Cultivate your ties to the sangha. Make plans, meet for coffee dates, hang out. Arrive early to sitting, maybe invite folks to stay a little after sitting, just to catch up. Study a text together.

Cultivate your relationship with Barry. Schedule dokusan with him as you engage this stuff. He’ll only respond to your initiative, but he’s always just an email away - if you're serious about all this, you have to make a commitment to do that.

And then there's the discipline. Show up. Even when it feels like there’s no reason to do it, show up. Let it hold you in whatever state you’re in.

Within that safety, and openness to disruption, let’s revisit the sanctuary.

The dharma is the way things already are. So we might ask ourselves after failing to make a sanctuary - "What if sanctuary isn’t a task after all?" What if it’s not something I have make myself feel? What if it’s just what’s already so? What if sanctuary is the natural state of everything in the universe?

In other koans, the "grasses" sometimes refer to thoughts, concerns, anxieties, and so on. Often what we come to practice to rid ourselves of. And in this koan, that everyday content of our life, is where to make a sanctuary.

In the koan, where the man declares that the sanctuary is built, a twelfth century teacher, Wansong, comments on that line, saying, "Repairs will be difficult.”

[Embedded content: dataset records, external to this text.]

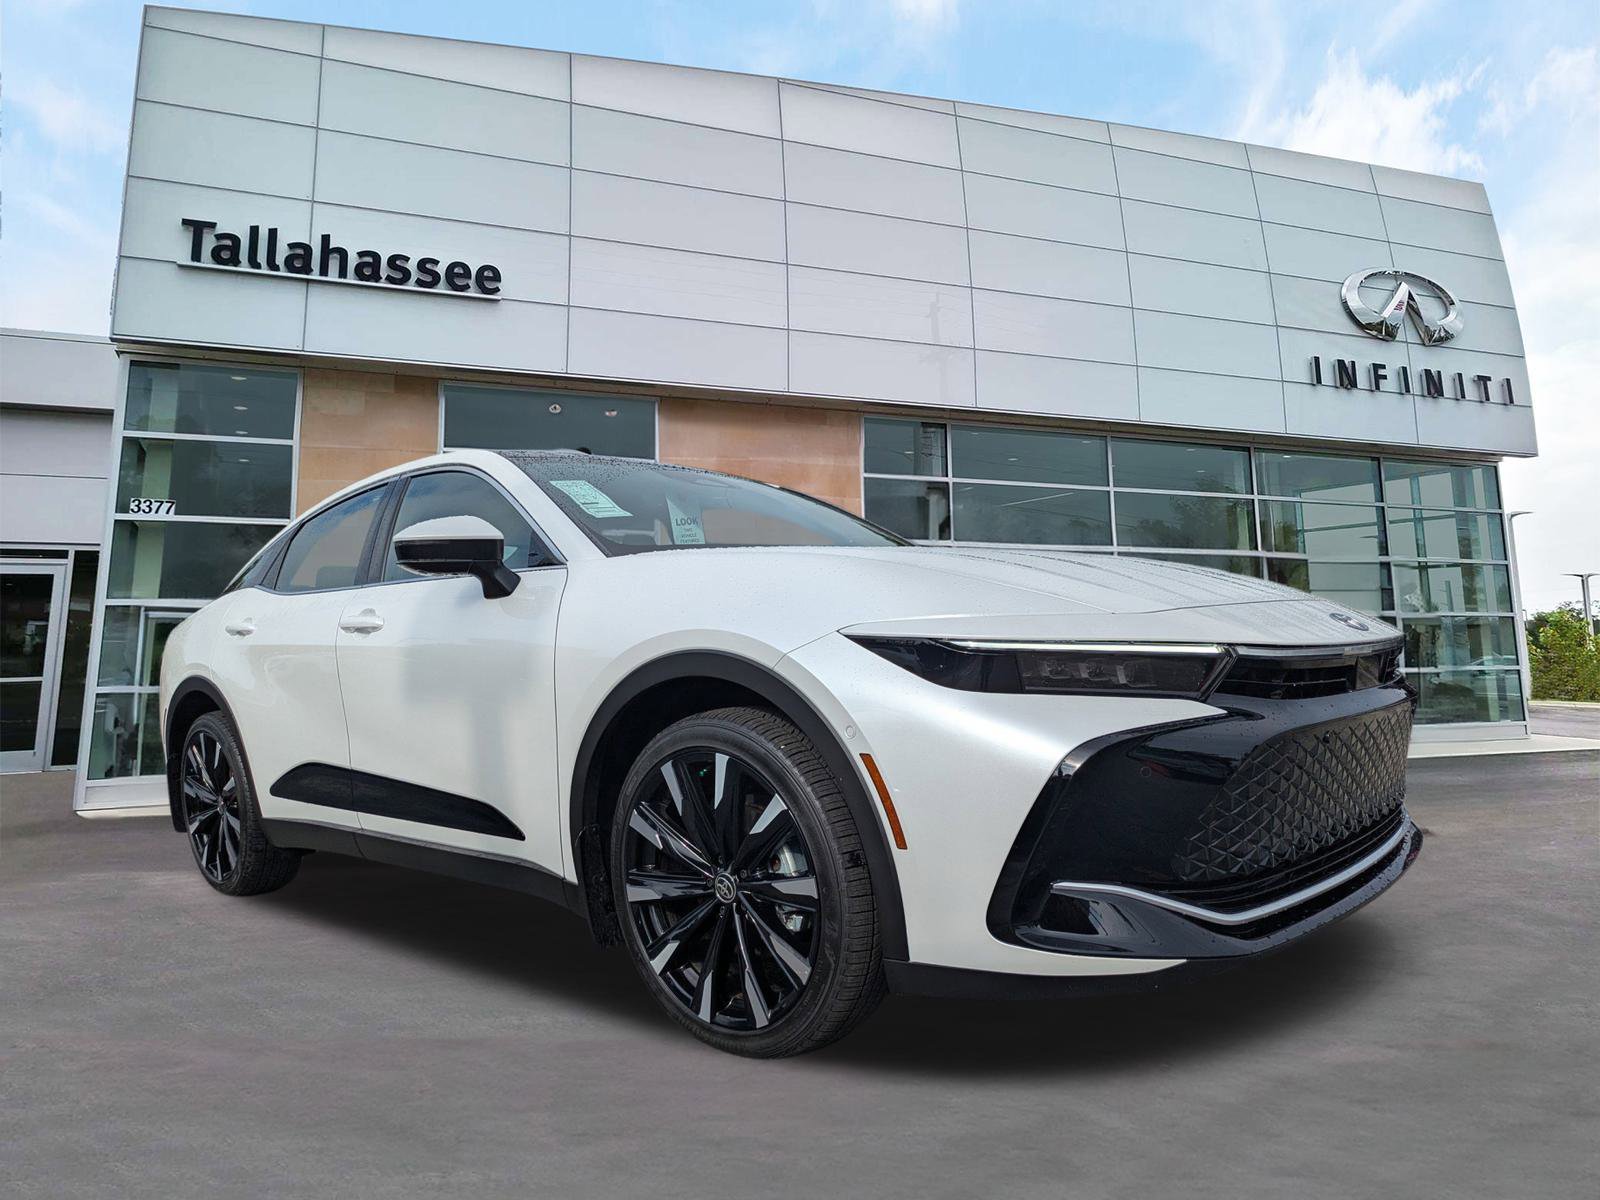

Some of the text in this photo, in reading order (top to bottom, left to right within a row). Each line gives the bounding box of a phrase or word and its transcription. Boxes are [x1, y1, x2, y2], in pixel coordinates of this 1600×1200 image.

[181, 217, 503, 295] Tallahassee
[1311, 356, 1515, 405] INFINITI
[130, 498, 176, 514] 3377
[674, 516, 698, 527] LOOK
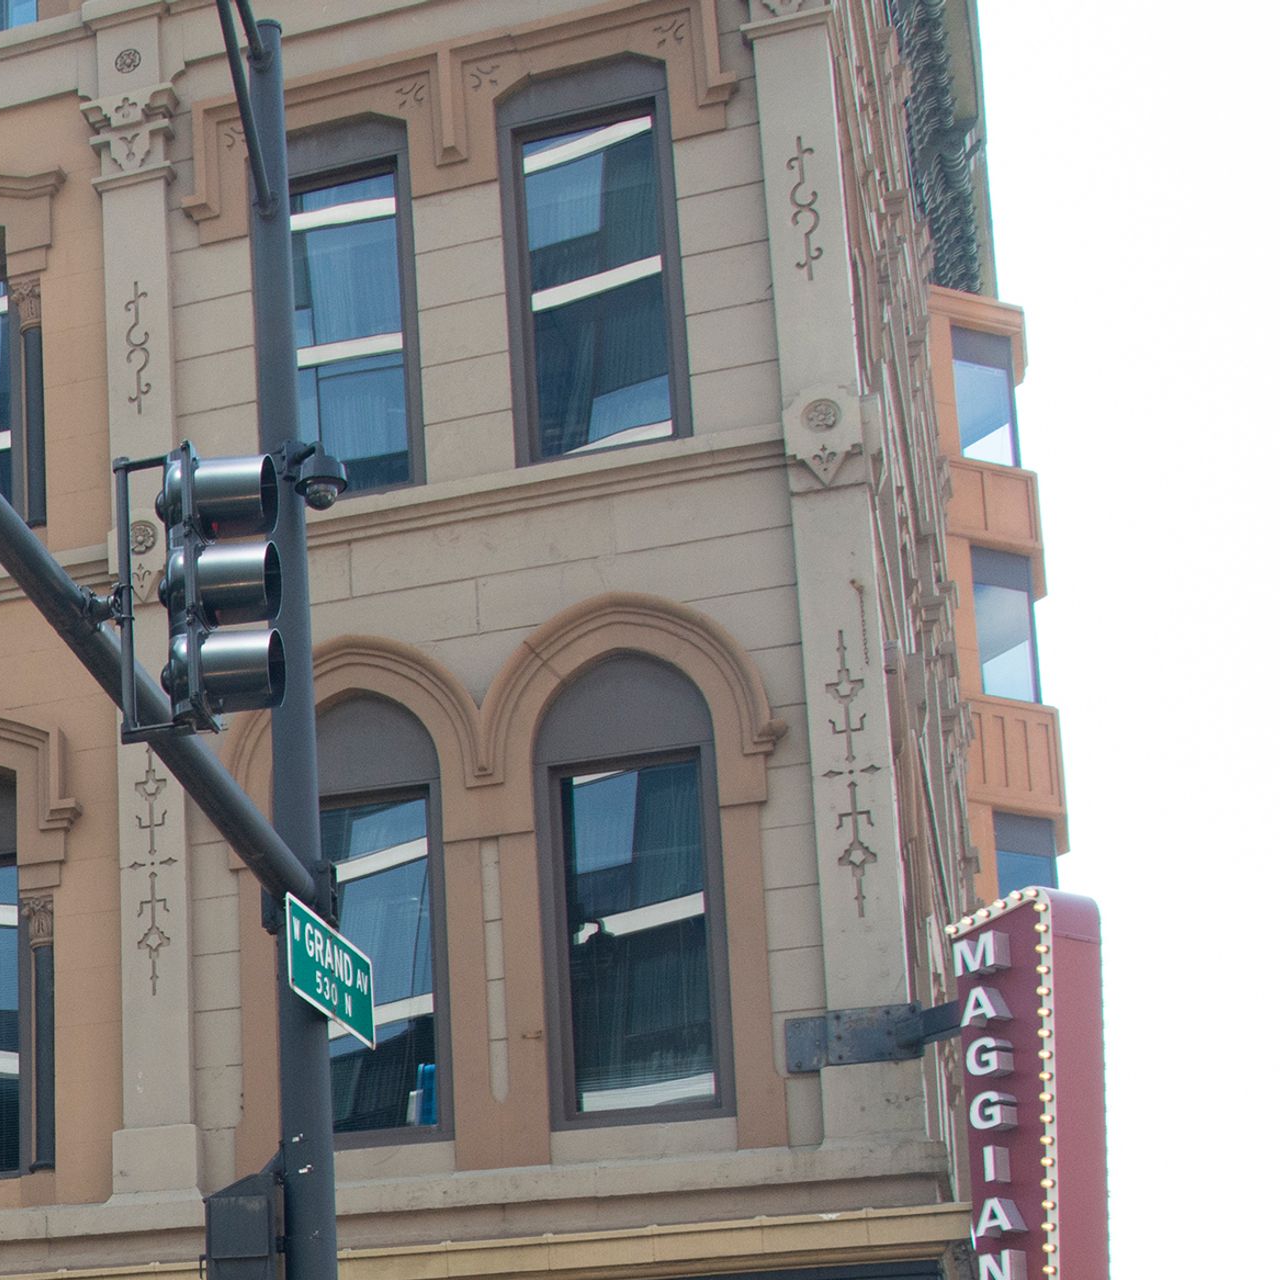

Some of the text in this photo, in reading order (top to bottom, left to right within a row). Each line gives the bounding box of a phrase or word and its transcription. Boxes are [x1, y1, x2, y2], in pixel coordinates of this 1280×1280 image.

[292, 916, 368, 995] W GRAND AV
[316, 970, 352, 1017] 530 N

Wansong's pointing out that the real difficulty is in our attempts to change, to fix something unbroken. To me, sometimes, I only see the moment as a broken half-constructed version of the sanctuary I picture. An incomplete thing I need to repair. I am an incomplete thing I need to repair.

Repairs have never been necessary. This moment, which is to say, life, whatever its content, is already the place of rest, refuge, and home.

Over and over this has been one of the biggest surprises for me - I don’t have to make something happen. I don’t have to make myself experience something other than what’s happening.

Did that shift in perspective change my life? In some moments, something withers, and on the other side of disappointment, something new about life, about myself is allowed to be expressed. I put down my tools.

It’s just a moment of no longer defining sanctuary by the distance between the moment and some imagined repair to it. The moment, my experience, is no longer defined by what I judge it to lack.

In these moments, when I'm very lucky - Yes. My life is changed.

This is what I’m going to commit to in the New Year. I’m going be more disciplined about asking - Am I trying to use the dharma to make something happen? To make me into someone better? to fix some aspect of my life or my experience?

I’ll look for where the dharma might safely disrupt that project. And then hold it close. I’ll lean on the sangha, study with Barry, study the dharma, and try and find the right kind of effort. The effort to stop making. The effort to let the way the world already is startle and surprise.

And ultimately, I hope to investigate two questions I think are my real task of practice - Who am I if I’m not something I have to make happen? Who am I already?